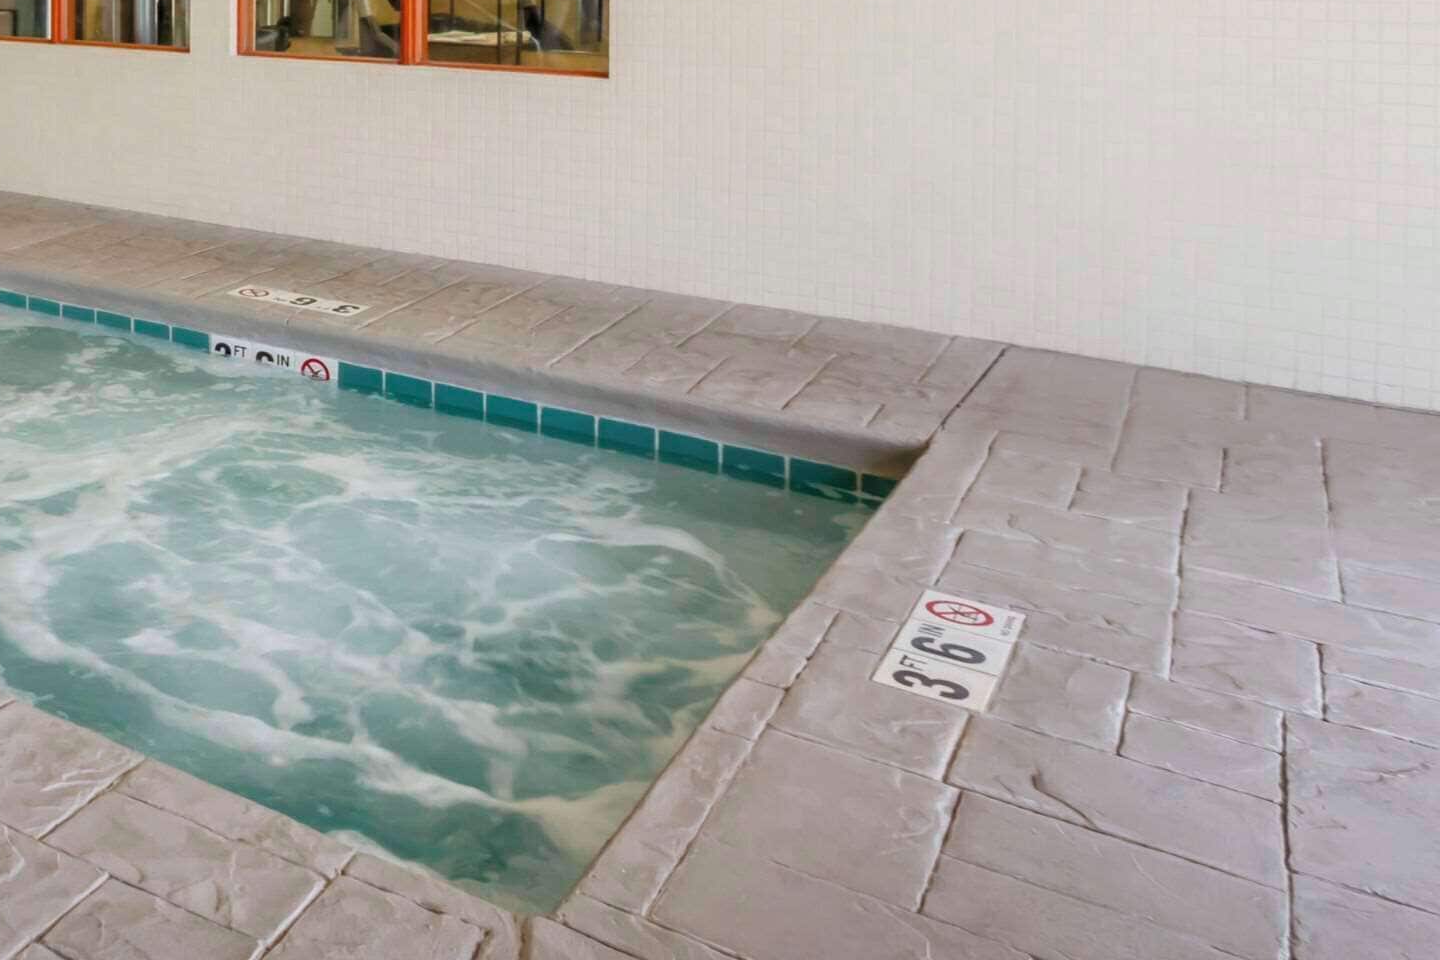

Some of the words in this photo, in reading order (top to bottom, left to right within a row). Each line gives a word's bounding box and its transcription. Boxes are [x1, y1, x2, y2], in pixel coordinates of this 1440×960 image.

[289, 297, 318, 306] 6
[332, 304, 360, 314] 3
[234, 345, 247, 357] FT
[277, 354, 290, 367] IN
[917, 623, 946, 639] IN
[910, 636, 987, 665] 6
[899, 654, 929, 672] FT
[892, 669, 970, 701] 3
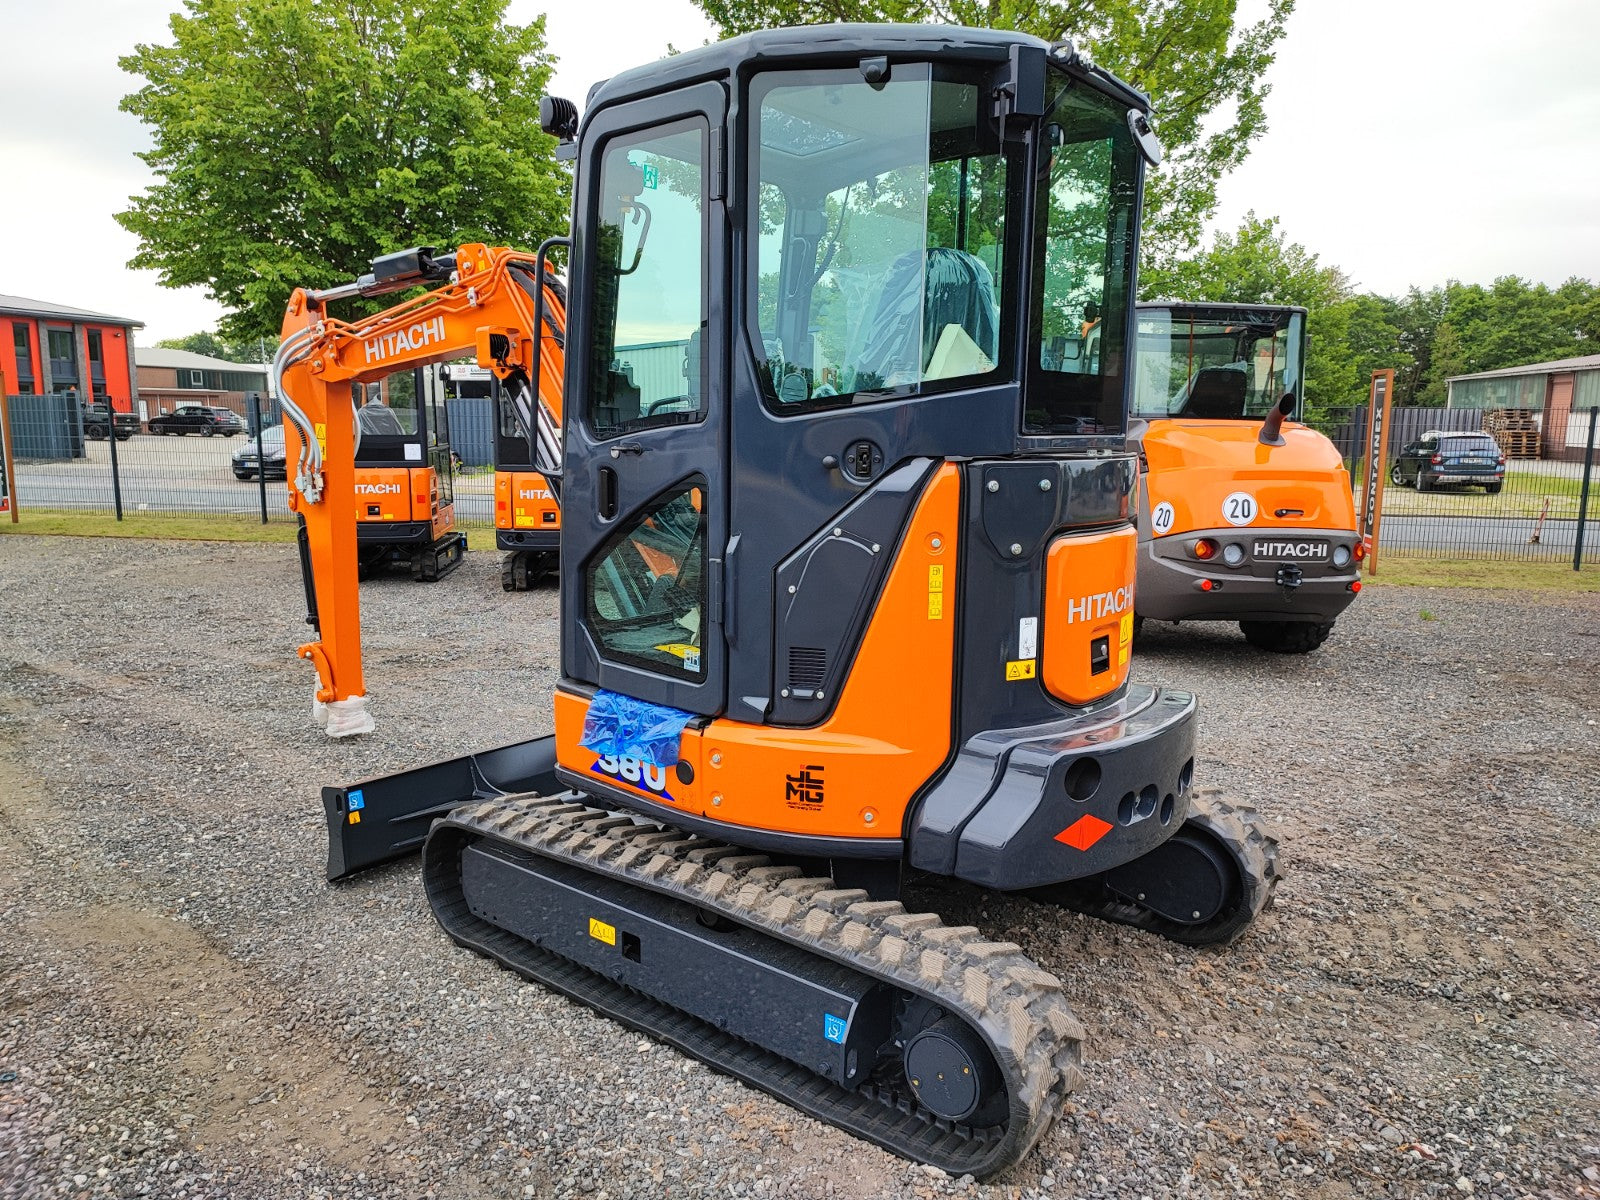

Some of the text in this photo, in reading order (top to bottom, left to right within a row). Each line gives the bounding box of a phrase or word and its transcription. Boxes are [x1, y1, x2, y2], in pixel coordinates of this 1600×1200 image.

[364, 315, 446, 364] HITACHI
[1367, 407, 1383, 526] CONTAINEX
[354, 483, 401, 494] ITACHI
[519, 489, 555, 500] HITA
[1155, 507, 1171, 528] 20
[1230, 498, 1251, 519] 20
[1253, 542, 1328, 557] HITACHI

▶ **What this task involves**
Only the lines from the one with "Some of the text" through the last line of the material above are to be duplicated, exactly and with both ends kept.

▶ **Answer to this exercise**
Some of the text in this photo, in reading order (top to bottom, left to right within a row). Each line gives the bounding box of a phrase or word and its transcription. Boxes are [x1, y1, x2, y2], in pixel coordinates of this 1600×1200 image.

[364, 315, 446, 364] HITACHI
[1367, 407, 1383, 526] CONTAINEX
[354, 483, 401, 494] ITACHI
[519, 489, 555, 500] HITA
[1155, 507, 1171, 528] 20
[1230, 498, 1251, 519] 20
[1253, 542, 1328, 557] HITACHI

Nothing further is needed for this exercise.